Holy God. That is the accommodation. It's a bus. It's a ****ing bus!!!! I literally don't believe I'm seeing this. I know the booking said Negev Bus, but I don't speak Hebrew and for all I know "Bus" means "small hamlet in the desert".
But it doesn't. We're going to spend three nights living in a godalmighty effing bus in a village in the Negev Desert. Maybe its been professionally converted and it's actually quite luxurious.
But it wasn't. It had been converted, yes, but the advertising material claimed it had "rooms" and frankly it didn't. The driver's position was still there, and access truly was via the front door, up the steps past said driver's position to find immediately behind the driver, a small booth to seat four, two each side of a formica-topped table. On the other side was a sink and small food preparation work surface along with a tiny gas stove. The gas supply was an industrial size calor gas cylinder strapped to the outside back of the bus. Our instructions were to turn the supply off at the cylinder every time we left the bus.

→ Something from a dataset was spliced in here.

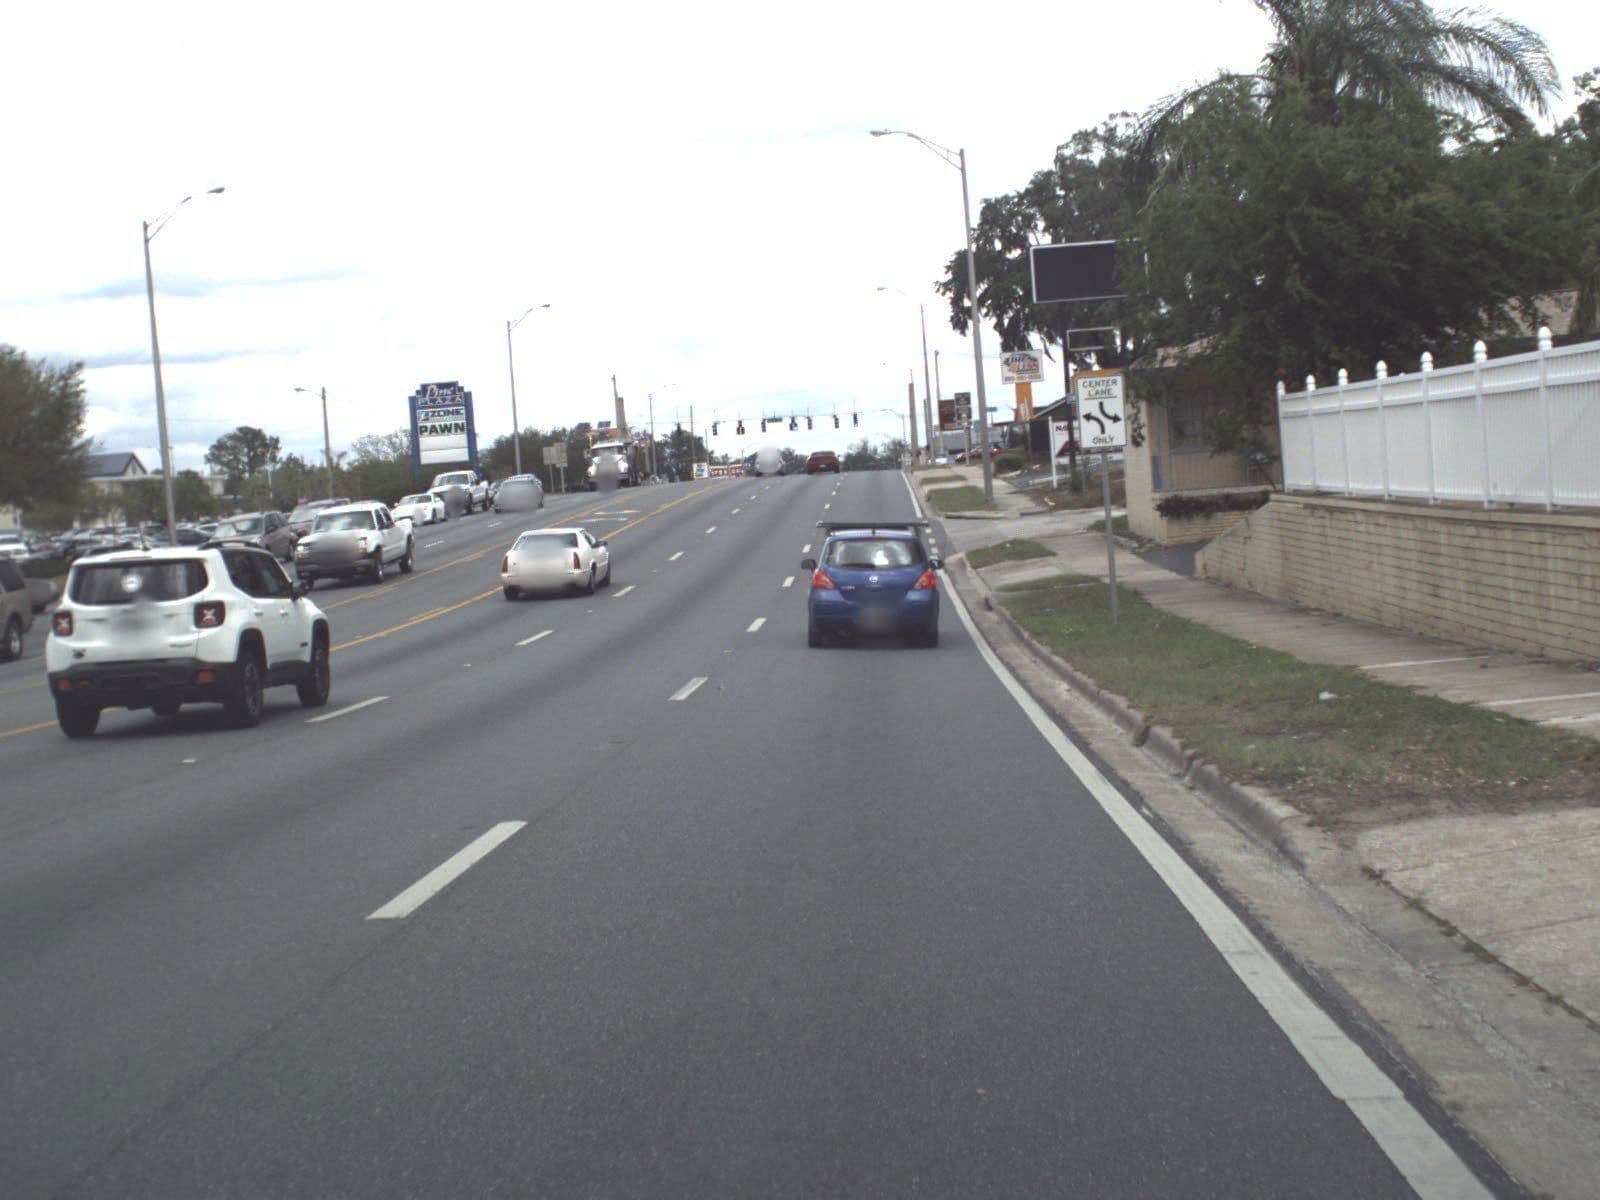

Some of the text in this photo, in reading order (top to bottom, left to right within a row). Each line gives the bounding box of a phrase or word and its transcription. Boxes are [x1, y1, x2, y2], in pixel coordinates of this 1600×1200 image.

Immediately aft of the "kitchen" was the "bathroom" - the only actual enclosed room in the bus - approximately two feet by four feet it contained a toilet, a washbasin and a shower area and I'm absolutely not lying: there was not space for two people, and one was a tight fit, whatever system they were going to use! Trying to shower was going to be a full-on nightmare with arms, shoulders and other bits bouncing off the walls throughout. The toilet was a chemical effort with a lid that closed sideways when nobody was in position (you had to scoot your backside backwards to get it to open once sitting: normal male standing use for a pee was impossible. Bleeding bloody hell.
Behind the bathroom the floor area opened up into what was laughably referred to as the dressing area and extra bedroom, where one lucky person had a sofa bed inside which lurked an ancient mattress to deploy on the floor for the other. Then a row of cupboards provided some privacy, though no closing door shut off the main "bedroom" with its double bed at the back of the bus.
There was bed linen provided. It was gopping. If you threw it at the wall it would have stuck. By now we were in shellshock, and didn't complain. It's for three nights. It will be all right. Jesus Christ.
And still the day was not over, but I need to get this memory out of my head before I continue and finish it off.